A brasileira Amelie Voigt Trejes, de 20 anos, foi apontada pela Forbes como a bilionária mais jovem do mundo em 2026. O patrimônio estimado da jovem é de US$ 1,1 bilhão, cerca de R$ 6 bilhões na cotação atual, e sua fortuna está ligada à participação que possui na WEG, uma das maiores empresas industriais do Brasil.
Amelie é neta de Werner Ricardo Voigt, um dos três fundadores da WEG, empresa criada em 1961 em Jaraguá do Sul, em Santa Catarina. O empresário morreu em 2016, mas deixou à família uma participação relevante na companhia, que se tornou uma multinacional com operações industriais em diversos países.
Fortuna veio da família
A riqueza de Amelie não foi construída por meio de uma empresa criada por ela. A jovem recebeu parte das ações da WEG que pertenciam à mãe, Cladis Voigt Trejes, e dividiu essa participação com os irmãos gêmeos, Pedro e Felipe Voigt Trejes.
Segundo a Forbes, Amelie possui aproximadamente 2% da WEG. A participação acionária é suficiente para colocá-la entre os maiores acionistas individuais da companhia e transformá-la em bilionária, mesmo sem exercer funções de comando na empresa.
Atualmente, Amelie não ocupa cargo no conselho de administração nem exerce função executiva na WEG. Os irmãos também estão entre os acionistas relevantes da companhia.
Empresa fundada pelo avô
A WEG foi criada por Werner Voigt em parceria com Eggon João da Silva e Geraldo Werninghaus.

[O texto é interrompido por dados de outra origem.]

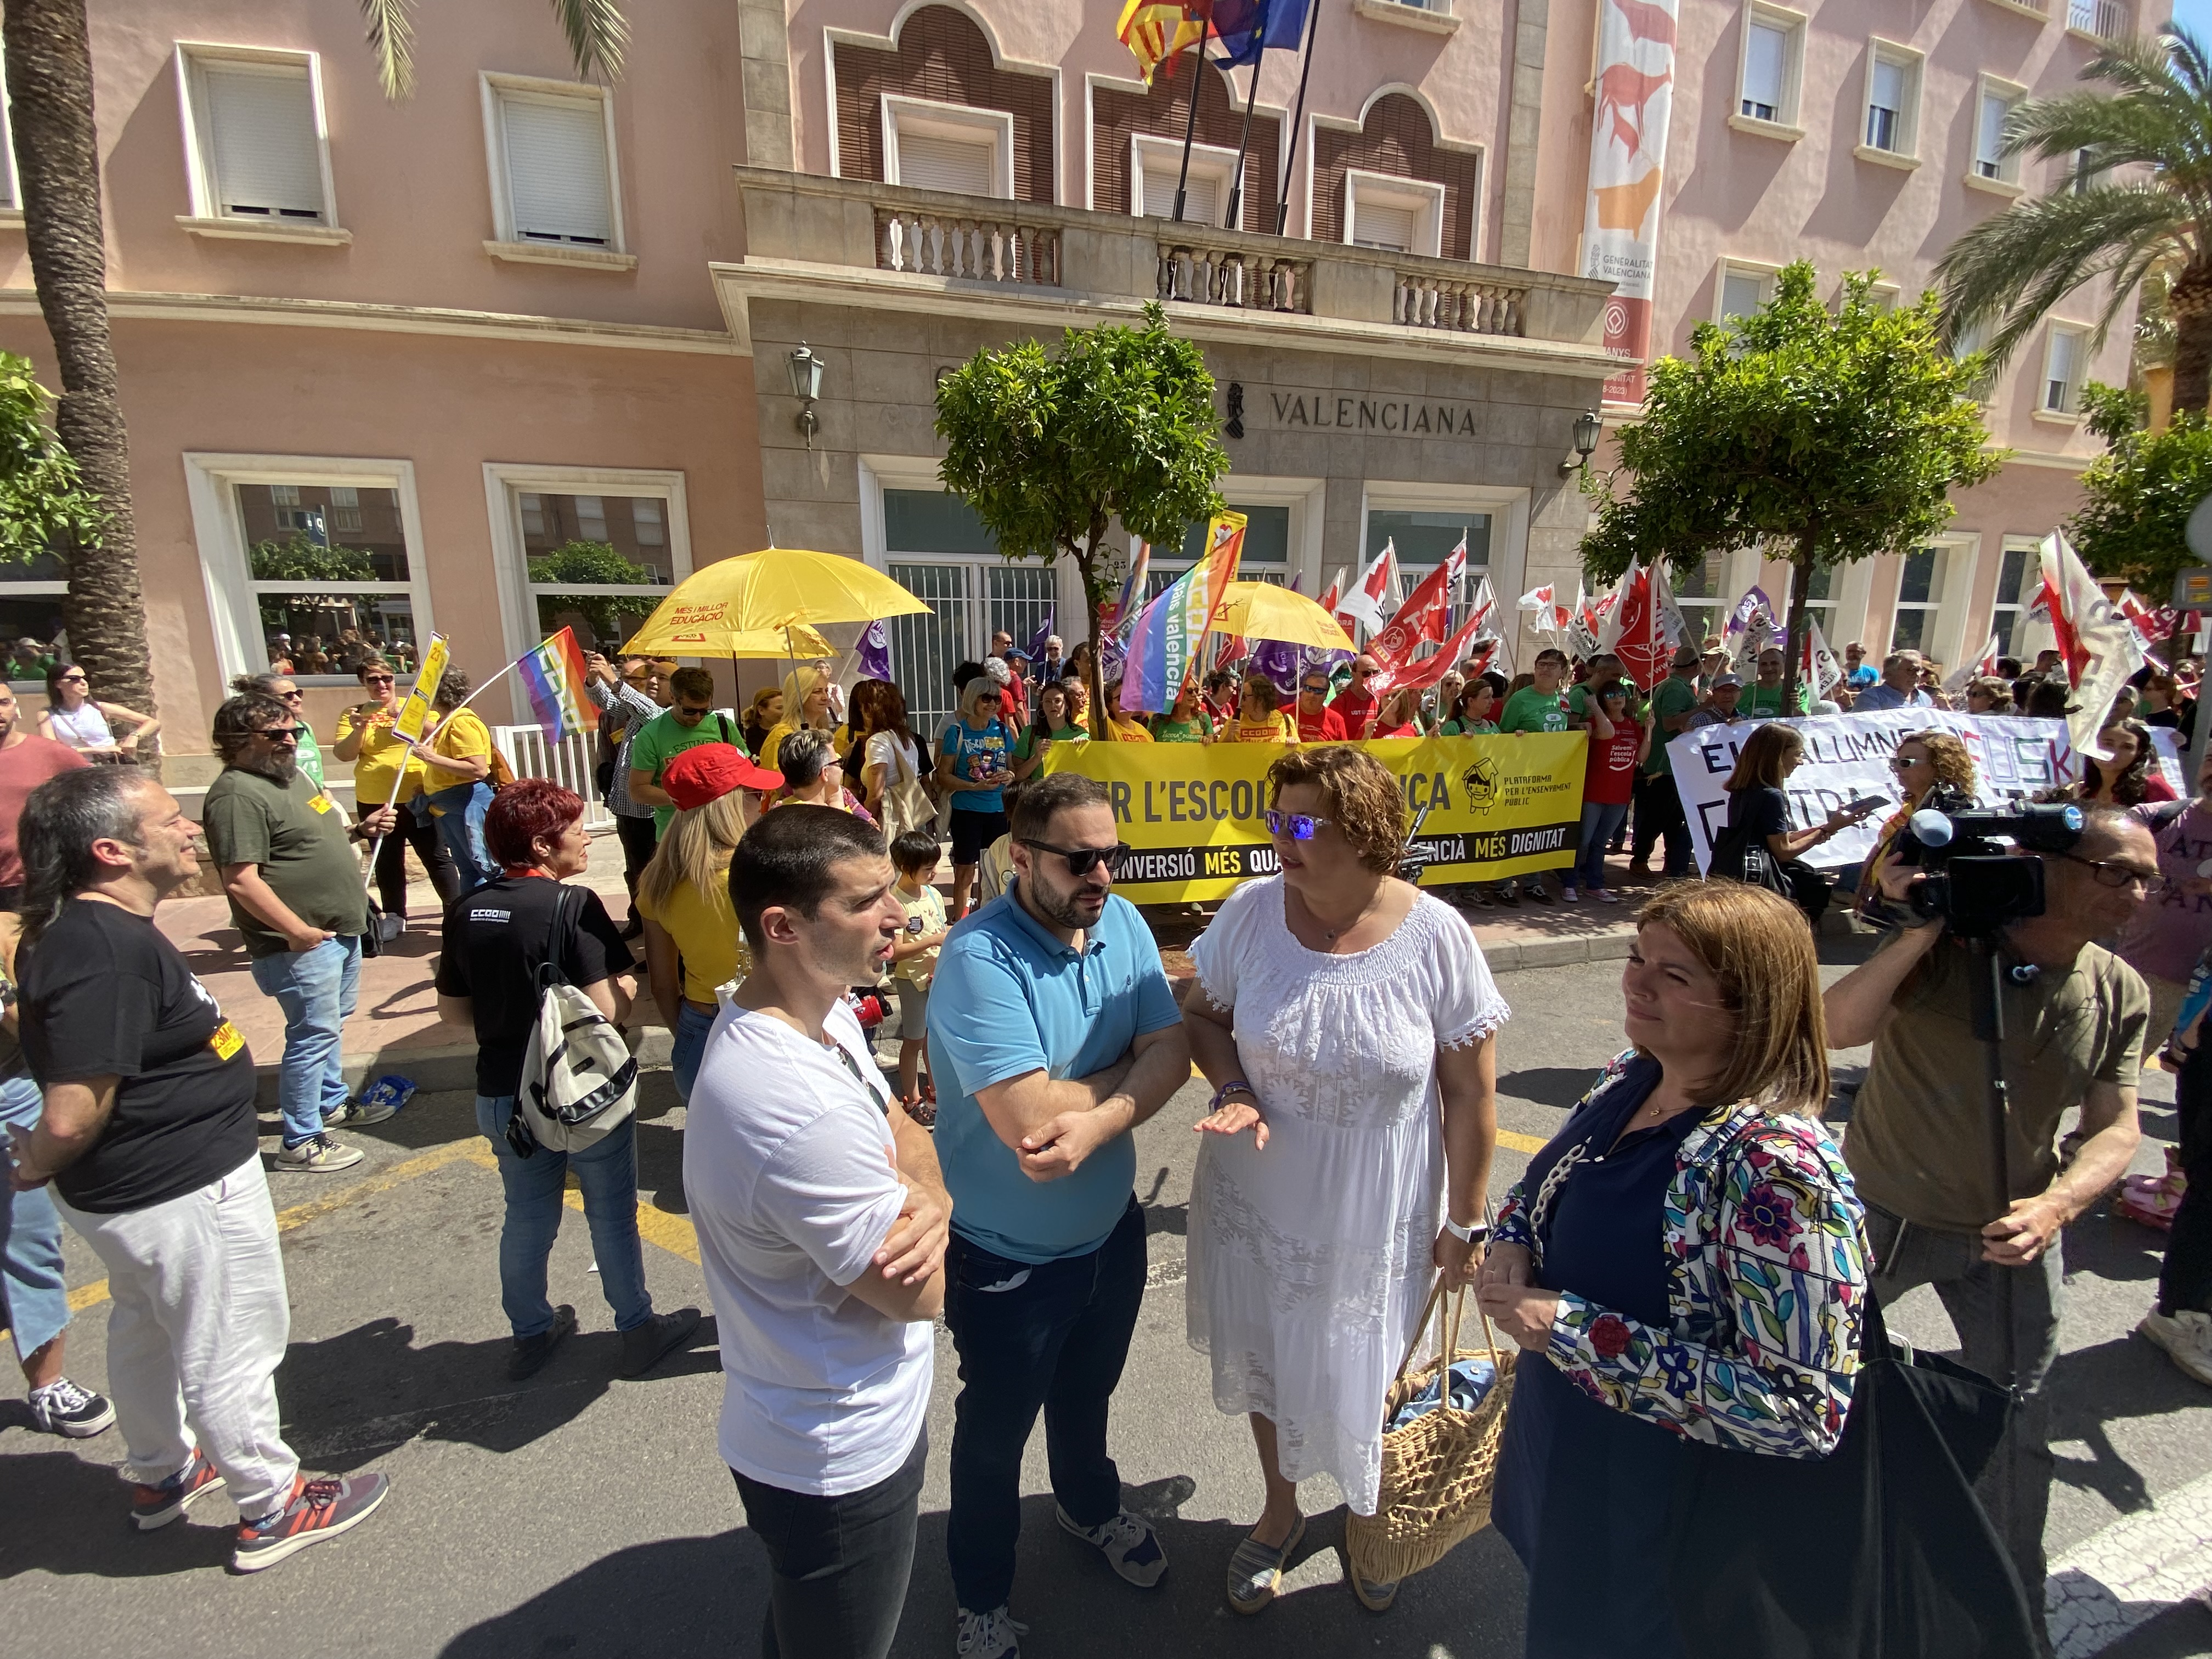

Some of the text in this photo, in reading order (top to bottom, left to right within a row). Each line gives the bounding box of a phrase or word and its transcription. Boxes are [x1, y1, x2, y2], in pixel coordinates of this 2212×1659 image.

[1603, 255, 1653, 269] GENERALITAT
[1603, 266, 1651, 280] VALENCIANA
[1606, 346, 1631, 358] ANYS
[1271, 393, 1476, 436] VALENCIANA
[1114, 561, 1126, 569] 23
[697, 602, 729, 612] MILLOR
[670, 610, 723, 625] EDUCACIÓ
[1504, 775, 1552, 785] PLATAFORMA
[1505, 787, 1520, 796] PER
[1144, 780, 1265, 822] L'ESCOL
[1205, 847, 1241, 875] MÉS
[1475, 831, 1506, 859] MÉS
[1511, 827, 1566, 854] DIGNITAT
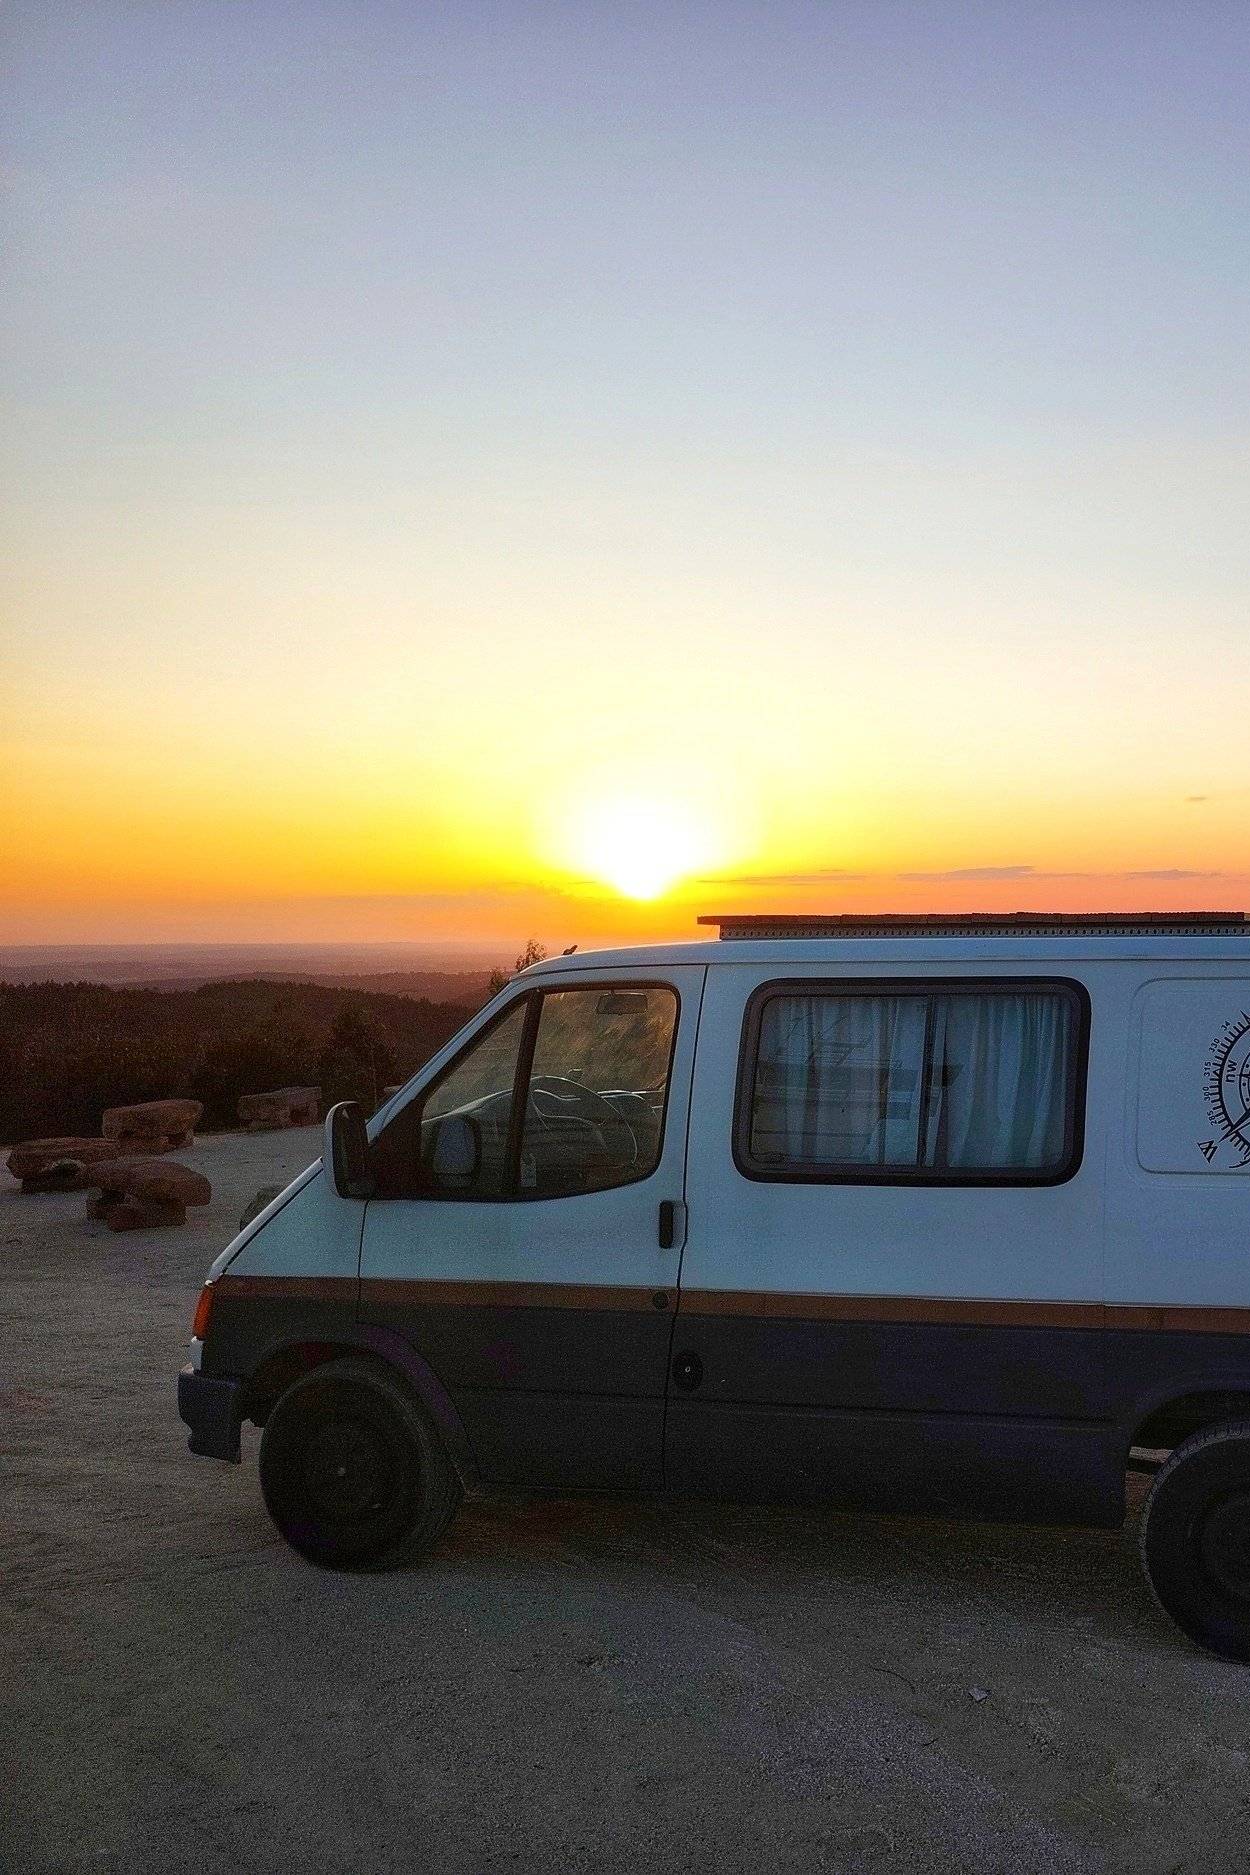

A empresa começou produzindo motores elétricos e, ao longo das décadas, ampliou sua atuação para equipamentos e soluções de automação, energia e indústria.
Hoje, a companhia é uma multinacional brasileira, com fábricas em mais de dez países e receita anual na casa dos US$ 7 bilhões, segundo a Forbes.
A WEG também está entre as empresas brasileiras com maior presença internacional: seus produtos são comercializados em dezenas de mercados e a companhia se tornou uma referência global na fabricação de motores elétricos e equipamentos industriais.